Aim of the task: Retype the entries exactly, but skip the pictures.

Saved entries
##############################

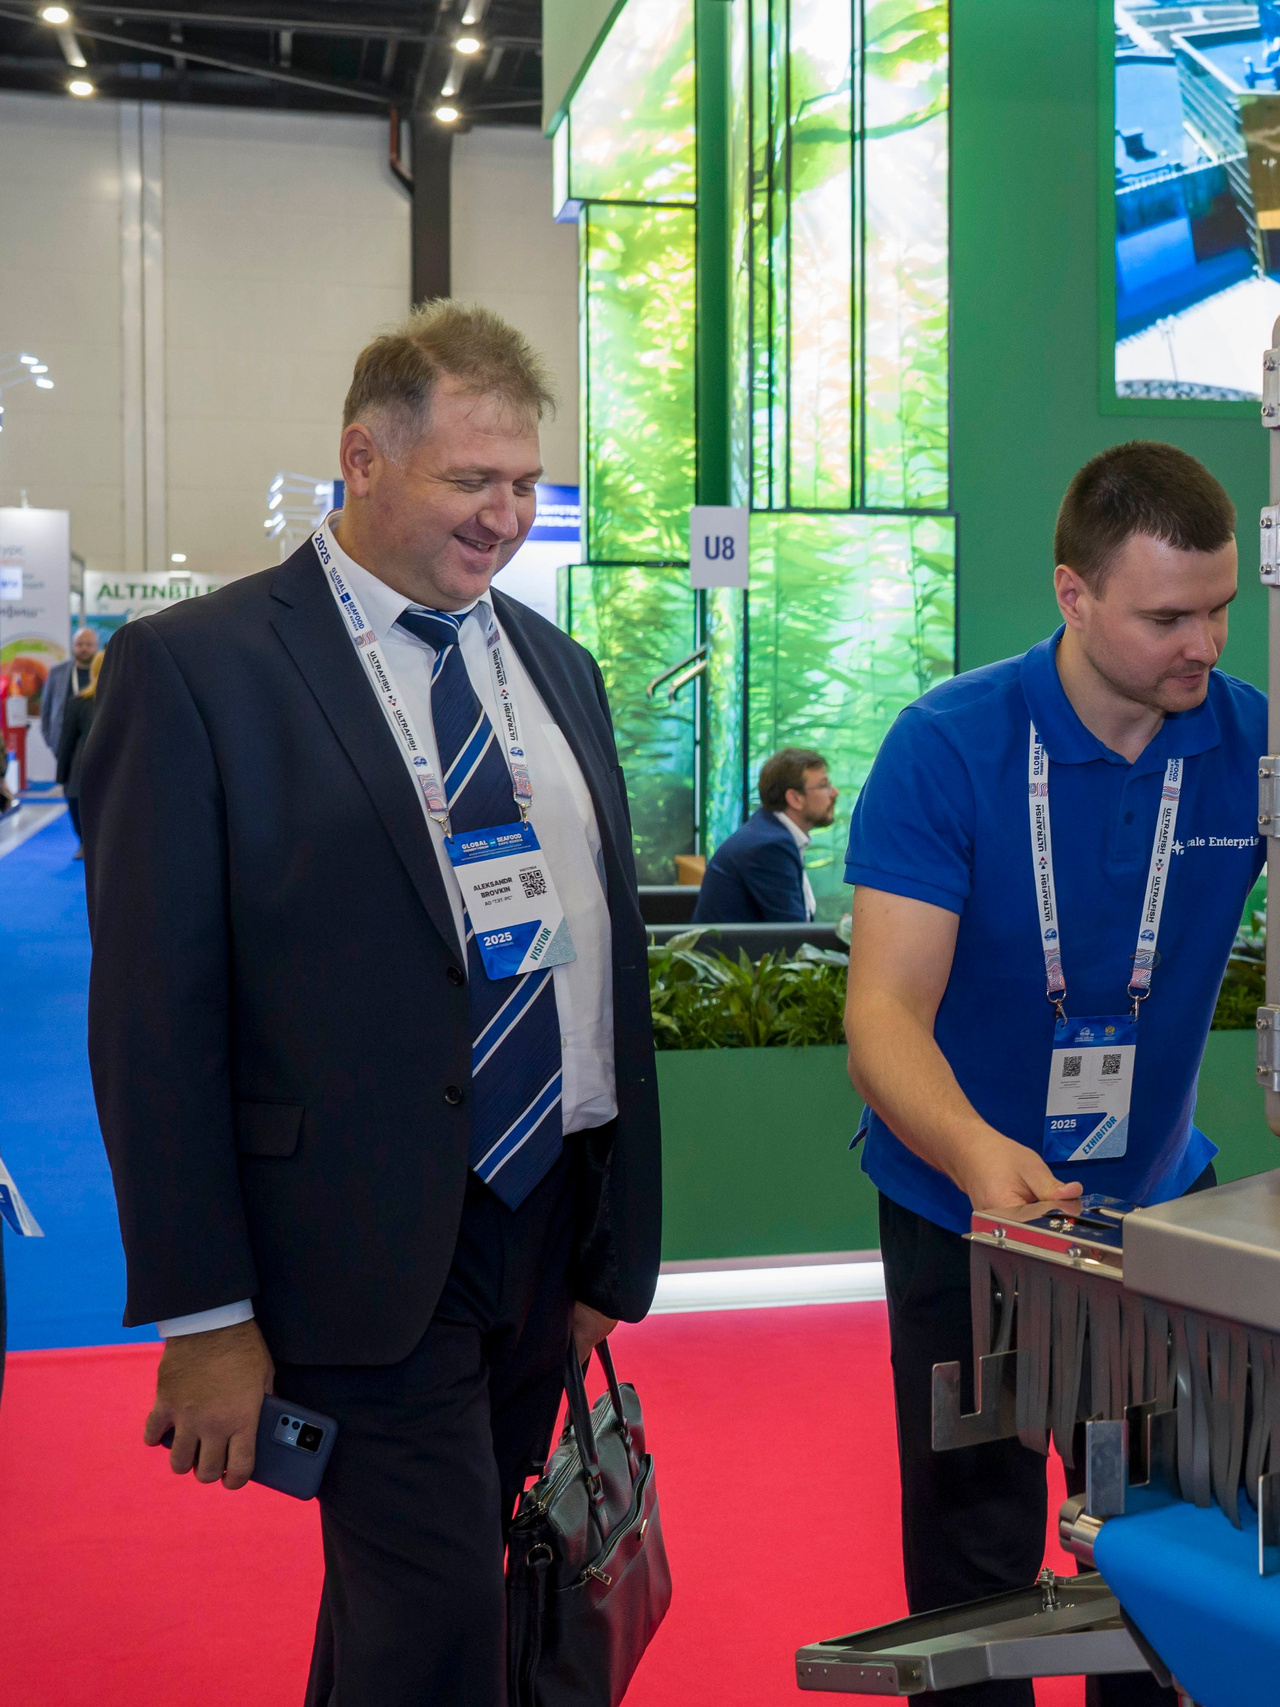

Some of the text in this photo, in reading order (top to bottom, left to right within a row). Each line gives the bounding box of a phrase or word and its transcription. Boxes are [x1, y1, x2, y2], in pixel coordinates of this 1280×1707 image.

[314, 533, 331, 565] 2025
[704, 535, 735, 560] U8
[331, 567, 346, 593] GLOBAL
[348, 601, 365, 629] SEAFOOD
[370, 651, 391, 691] ULTRAFISH
[492, 649, 505, 686] ULTRAFISH
[395, 709, 417, 751] ULTRAFISH
[503, 703, 516, 741] ULTRAFISH
[1033, 745, 1041, 776] GLOBAL
[461, 840, 488, 850] GLOBAL
[496, 833, 523, 843] SEAFOOD
[1035, 804, 1044, 852] ULTRAFISH
[1160, 808, 1171, 854] ULTRAFISH
[473, 877, 513, 891] ALEKSANDR
[480, 886, 511, 898] BROVKIN
[1041, 873, 1051, 922] ULTRAFISH
[1149, 876, 1161, 923] ULTRAFISH
[483, 931, 513, 946] 2025
[529, 927, 552, 961] VISITOR
[1050, 1119, 1077, 1130] 2025
[1082, 1115, 1117, 1155] EXHIBITOR
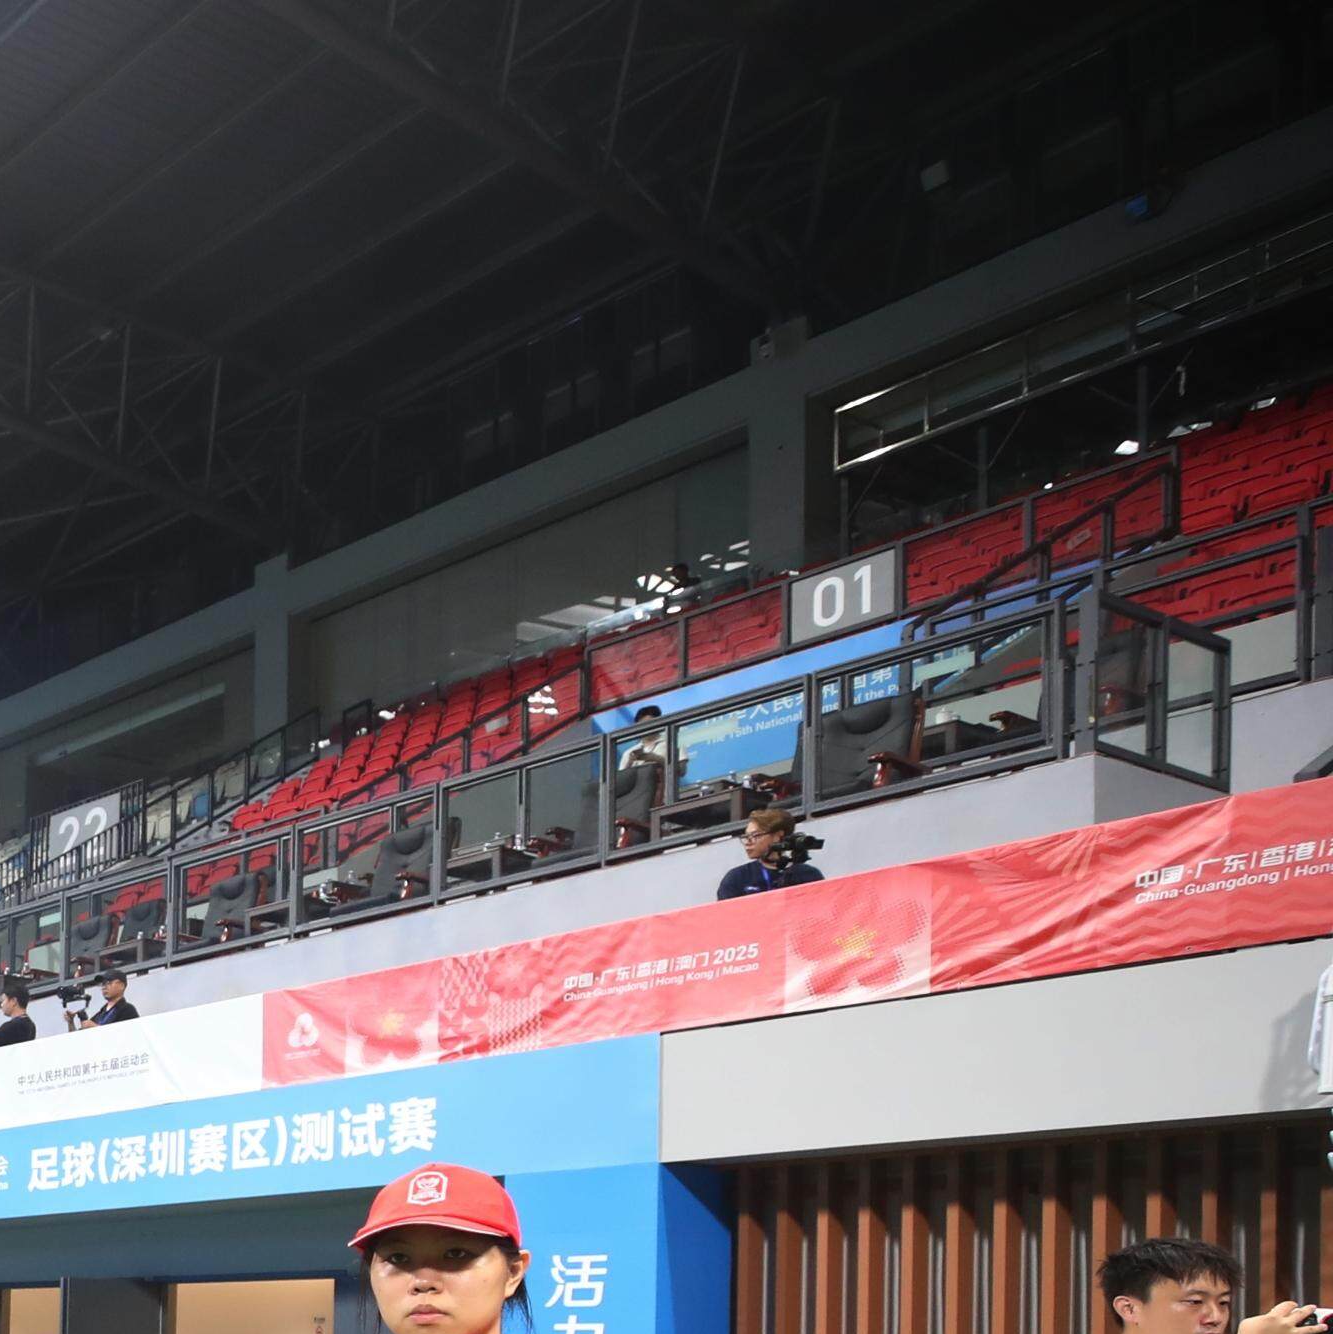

##############################

Reply to the exercise:
Some of the text in this photo, in reading order (top to bottom, left to right within a row). Each line gives the bounding box of a phrase or word and its transcription. Boxes are [x1, y1, x2, y2], in pixel coordinates of this 1280×1707 image.

[314, 533, 331, 565] 2025
[704, 535, 735, 560] U8
[331, 567, 346, 593] GLOBAL
[348, 601, 365, 629] SEAFOOD
[370, 651, 391, 691] ULTRAFISH
[492, 649, 505, 686] ULTRAFISH
[395, 709, 417, 751] ULTRAFISH
[503, 703, 516, 741] ULTRAFISH
[1033, 745, 1041, 776] GLOBAL
[461, 840, 488, 850] GLOBAL
[496, 833, 523, 843] SEAFOOD
[1035, 804, 1044, 852] ULTRAFISH
[1160, 808, 1171, 854] ULTRAFISH
[473, 877, 513, 891] ALEKSANDR
[480, 886, 511, 898] BROVKIN
[1041, 873, 1051, 922] ULTRAFISH
[1149, 876, 1161, 923] ULTRAFISH
[483, 931, 513, 946] 2025
[529, 927, 552, 961] VISITOR
[1050, 1119, 1077, 1130] 2025
[1082, 1115, 1117, 1155] EXHIBITOR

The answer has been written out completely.